BELLINGHAM - Whatcom County is backing away from tougher countywide enforcement of septic system inspection laws, but all septic system owners are likely to face a new annual fee of $19 or $20 beginning in 2013.
The new fee would replace existing county fees now tacked onto bills that homeowners pay private companies for inspections and pumpouts, and homeowners already complying with the law could wind up paying less in some cases, according to Whatcom County Health Department Director Regina Delahunt.
The money collected from septic system owners would be used only to pay for the county's costs of regulating septic systems to comply with state and local laws.
At a Tuesday, Sept. 25, committee discussion, a majority of County Council members approved the fee proposal from Delahunt and Whatcom County Executive Jack Louws.
Delahunt and Louws asked council to approve a $19 fee, but council members Kathy Kershner and Carl Weimer suggested raising it to $20 to make the department's septic system oversight program completely self-supporting.
The extra dollar would eliminate a $25,000 transfer into the program from the Public Works Department. Louws said he would consider the $20 proposal and bring it back as an option before council members take a vote to adopt the new fee.

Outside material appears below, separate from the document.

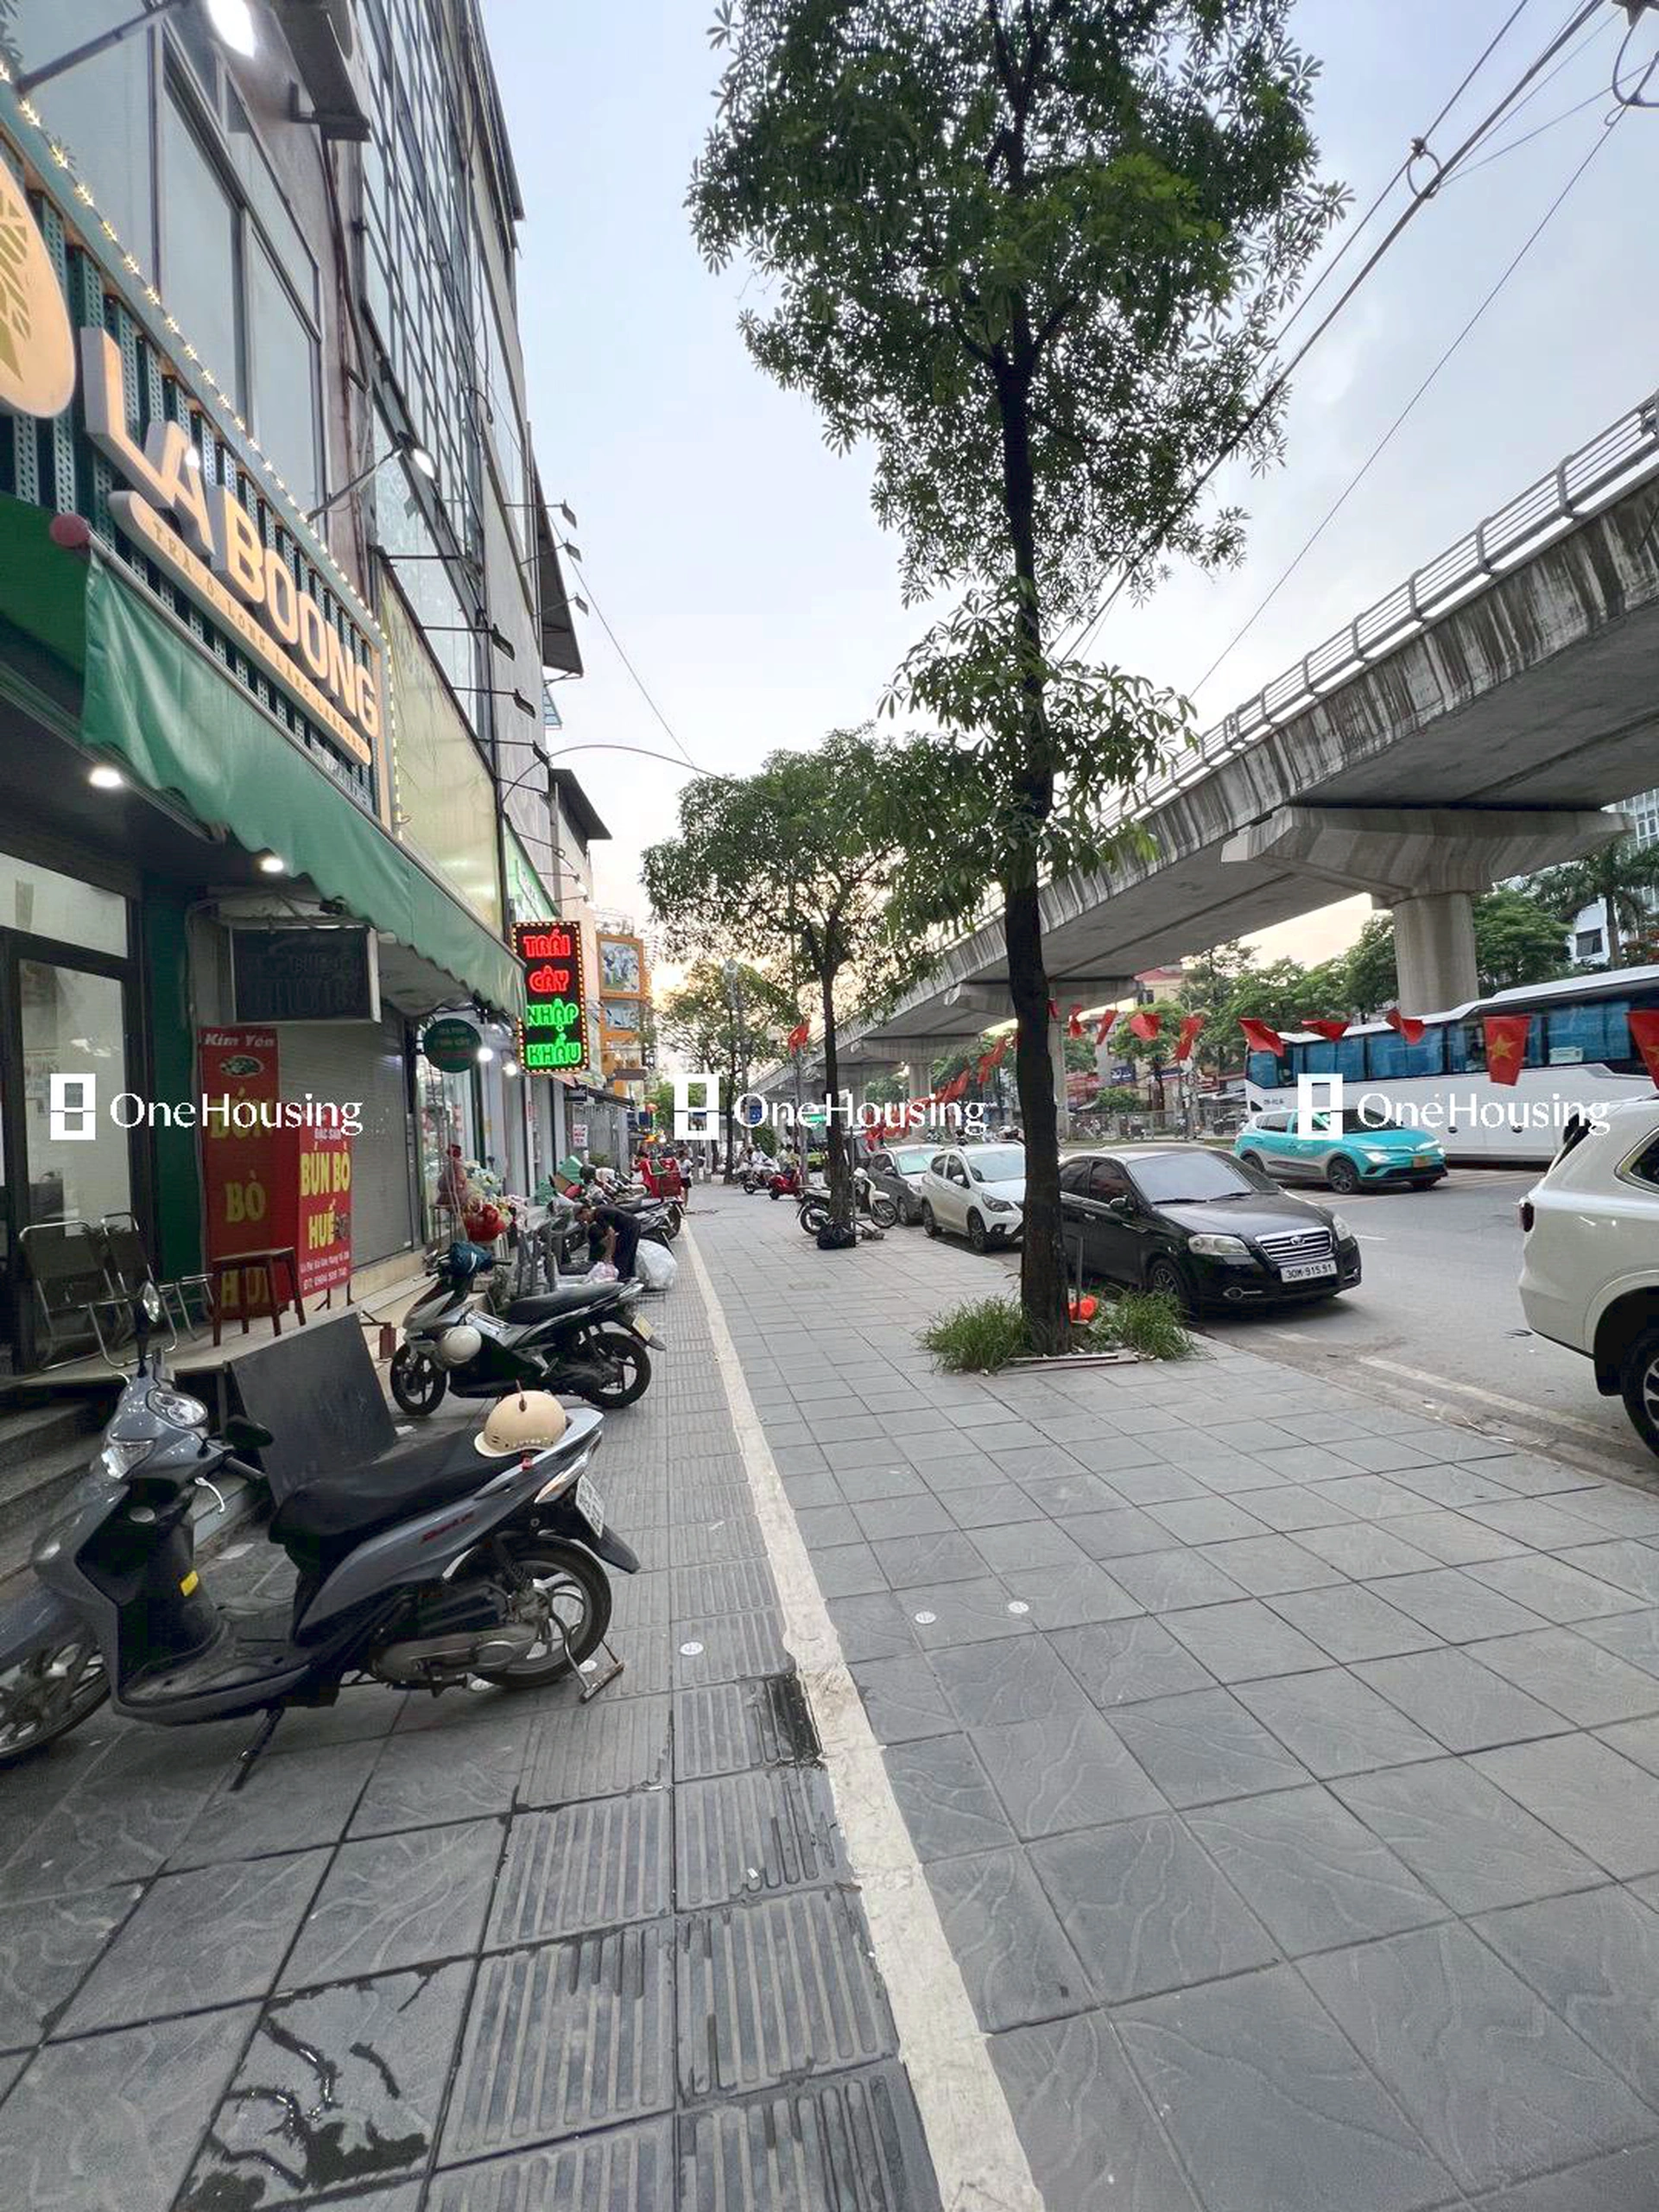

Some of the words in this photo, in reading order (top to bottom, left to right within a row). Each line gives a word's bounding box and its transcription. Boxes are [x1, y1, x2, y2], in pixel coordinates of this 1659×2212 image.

Starting in 2013, the annual fee would be added to property tax bills sent to the estimated 28,000 households with their own septic systems, raising more than $500,000 a year. That is what it already costs the county to regulate septic systems.
Louws and Delahunt told the council the county needs the new fee for two reasons:
The city of Bellingham and the state are eliminating a total of $200,000 in annual support for the county's program, beginning in 2013.
Most county homeowners with septic systems are ignoring legal requirements to have their systems inspected, and that means they don't pay a $35 county inspection processing fee that is added to the private inspector's bill.
If the county does not begin to charge every septic system owner a fee, the inspection fees charged to those who do get inspections would have to be raised above $100, or the Health Department's costs would have to be covered with money from the county's general fund that is used for a wide range of public services, Louws told the council.
The county does enforce the inspection law strictly in the Lake Whatcom watershed and around Drayton Harbor. That's because the lake is Bellingham's drinking water, and Drayton Harbor shellfish growing has been disrupted by pollution from defective septic systems and other sources.
In both of those areas, homeowners who ignore the law receive stern warning letters and eventual fines of up to $500 if they fail to have their systems inspected.
As a result, compliance with the law is now at 82 percent around Drayton Harbor, and 95 percent around the lake, according to Delahunt's report.
Elsewhere in the county, homeowners get a letter informing them of the inspection law, but there are no legal consequences for ignoring it. The result: Fewer than 40 percent of homeowners are getting inspections.
As some council members see it, a few leaky septic tanks elsewhere in the county are not causing enough of a public health threat to warrant a strict enforcement system. Many county residents have voiced heated opposition to the new rules and the expense involved in inspecting and, if necessary, repairing their systems.
On Tuesday, council member Sam Crawford asked Delahunt if she could prove that failing septic systems were a hazard to public health. Crawford said there are many septic systems in his neighborhood and he had never heard of anyone getting sick from them.
"It's really difficult to track disease back to a source," Delahunt replied. "We do know that there are many instances in the county that we see on a regular basis where sewage is being discharged into ditches. ... We know that in underdeveloped countries, where sewer is in the ditch ... we know that rates of enteric (intestinal) disease are much higher than they are in places where they keep the sewage out of the ditches."
Delahunt noted that when Nooksack Valley High School got a county inspection notice last summer, school officials discovered that their system had no drainfield, and waste from the school's septic tank was flowing into a storm drain.
"If they hadn't gotten a letter from us, they wouldn't have looked at it," Delahunt said. "As a public health agency we talk about prevention all the time. This is a prevention program."
Council member Barbara Brenner, the most outspoken critic of tighter inspections and higher fees, was not convinced.
"I don't think it's a major problem like it's being portrayed," she said.